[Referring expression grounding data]
-- Opening Marker --
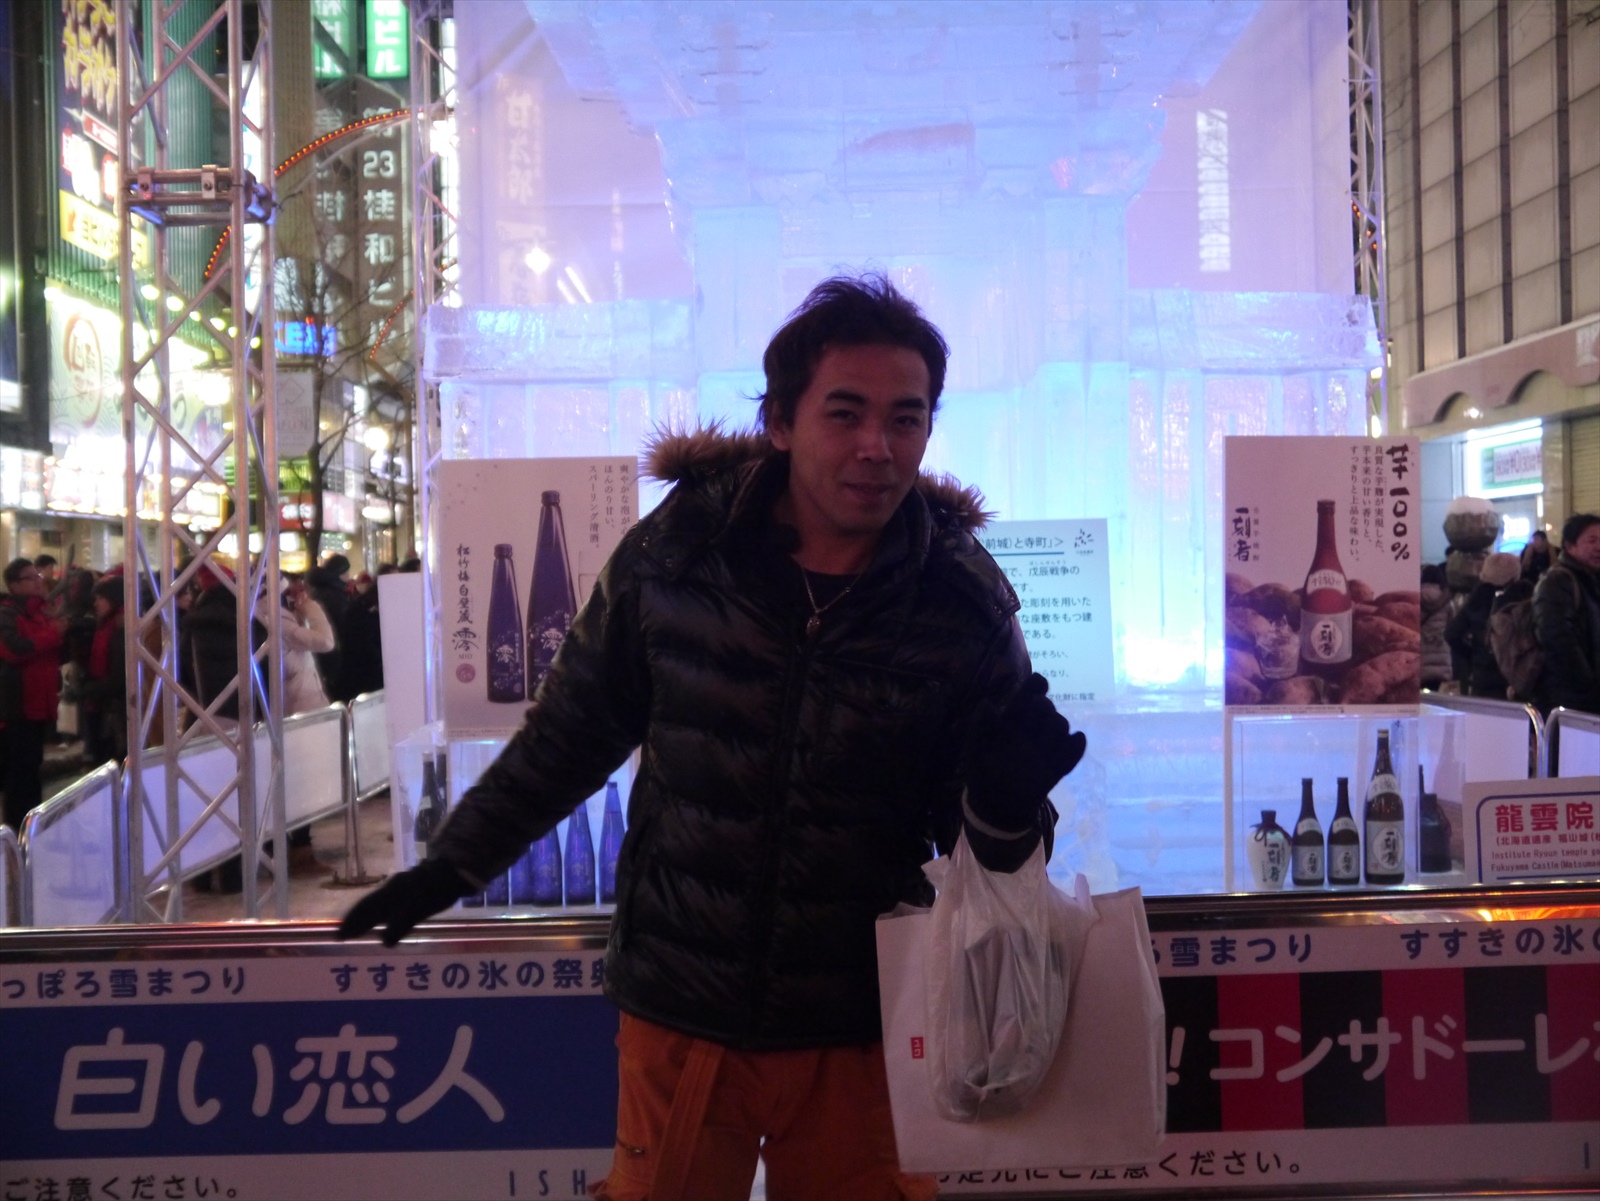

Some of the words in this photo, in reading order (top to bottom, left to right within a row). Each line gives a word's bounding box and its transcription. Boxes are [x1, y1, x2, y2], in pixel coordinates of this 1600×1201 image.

[604, 464, 615, 528] ほんのり甘い、
[1349, 445, 1360, 562] すっきりと上品な味わい。
[1362, 445, 1372, 543] 芋本来の甘い香りと、
[1231, 507, 1251, 562] 一刻者
[1018, 612, 1092, 624] な座敷をもつ建
[1021, 597, 1092, 608] た彫刻を用いた
[1023, 629, 1056, 640] である。
[1035, 669, 1069, 678] らなり、
[1495, 801, 1594, 833] 龍雲院
[1491, 850, 1531, 860] Institute
[1561, 847, 1588, 857] temple
[1491, 863, 1529, 872] Fukuyama
[2, 966, 248, 1001] っぽろ雪まつり
[1165, 1013, 1600, 1086] !コンサドーレ
[53, 1024, 506, 1131] 白い恋人
[4, 1174, 239, 1201] ご注意ください。
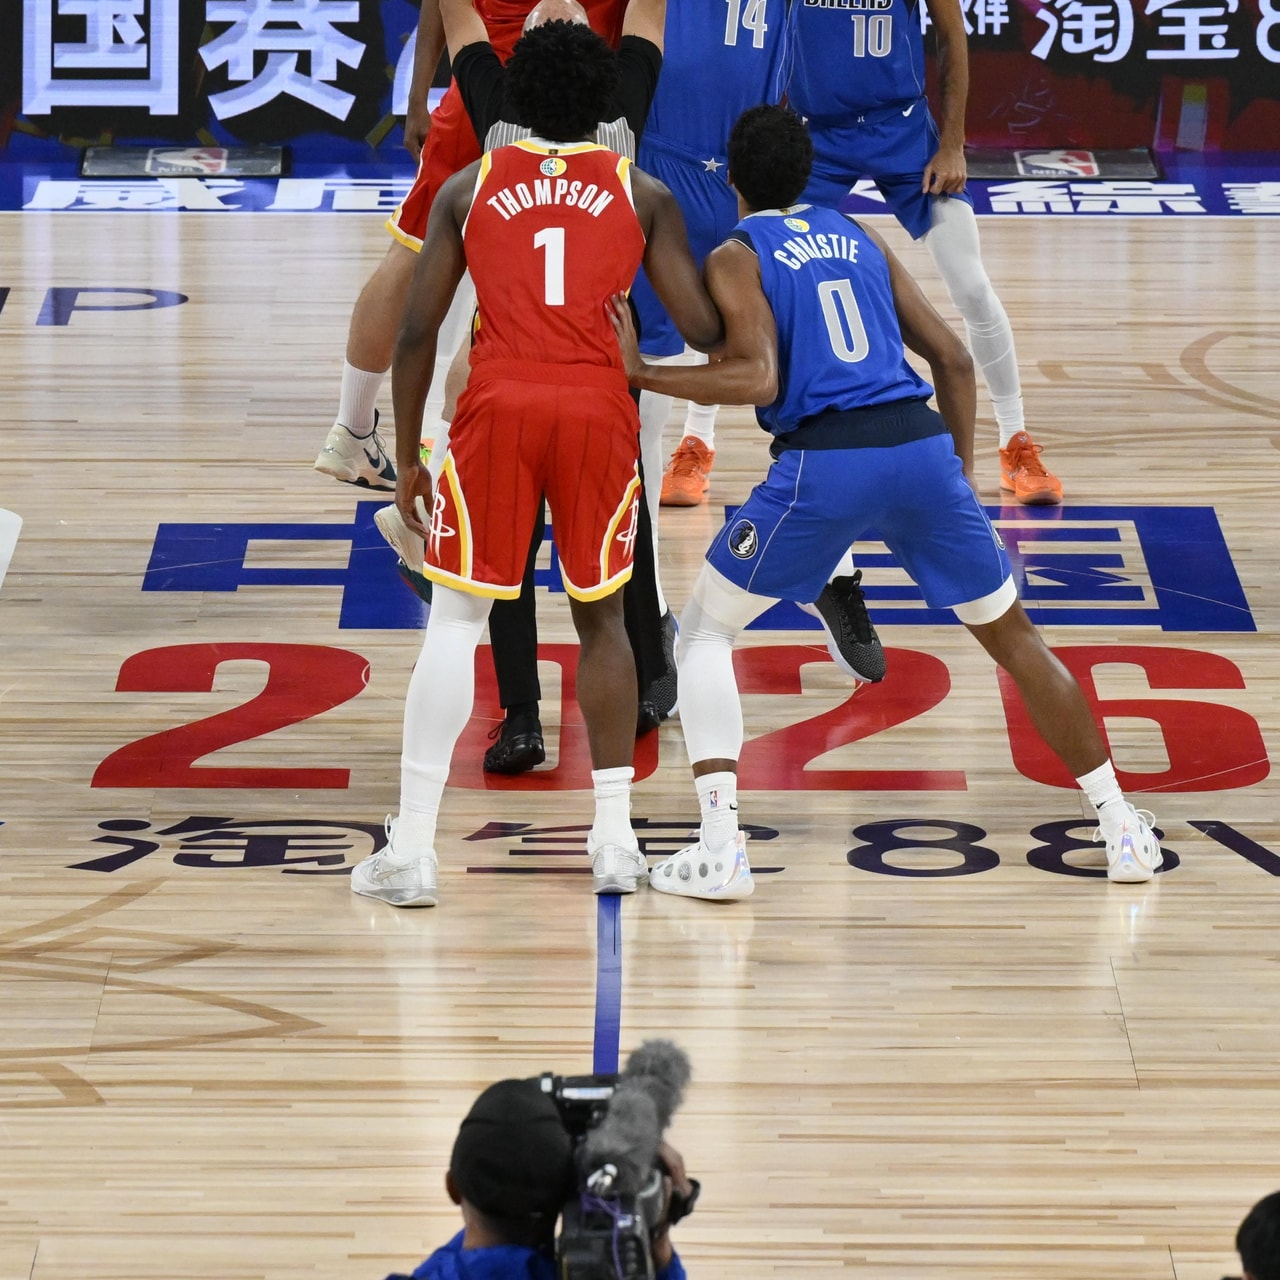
-- Closing Marker --
▶ [What to do]:
The result should be an exact retyped version of all the entries above, containing no pictures.

▶ [Answer to this exercise]:
Some of the words in this photo, in reading order (top to bottom, left to right within a row). Each line gives a word's bounding box and its transcription. Boxes are [x1, y1, x2, y2], in pixel coordinates of this 1600×1201 image.

[604, 464, 615, 528] ほんのり甘い、
[1349, 445, 1360, 562] すっきりと上品な味わい。
[1362, 445, 1372, 543] 芋本来の甘い香りと、
[1231, 507, 1251, 562] 一刻者
[1018, 612, 1092, 624] な座敷をもつ建
[1021, 597, 1092, 608] た彫刻を用いた
[1023, 629, 1056, 640] である。
[1035, 669, 1069, 678] らなり、
[1495, 801, 1594, 833] 龍雲院
[1491, 850, 1531, 860] Institute
[1561, 847, 1588, 857] temple
[1491, 863, 1529, 872] Fukuyama
[2, 966, 248, 1001] っぽろ雪まつり
[1165, 1013, 1600, 1086] !コンサドーレ
[53, 1024, 506, 1131] 白い恋人
[4, 1174, 239, 1201] ご注意ください。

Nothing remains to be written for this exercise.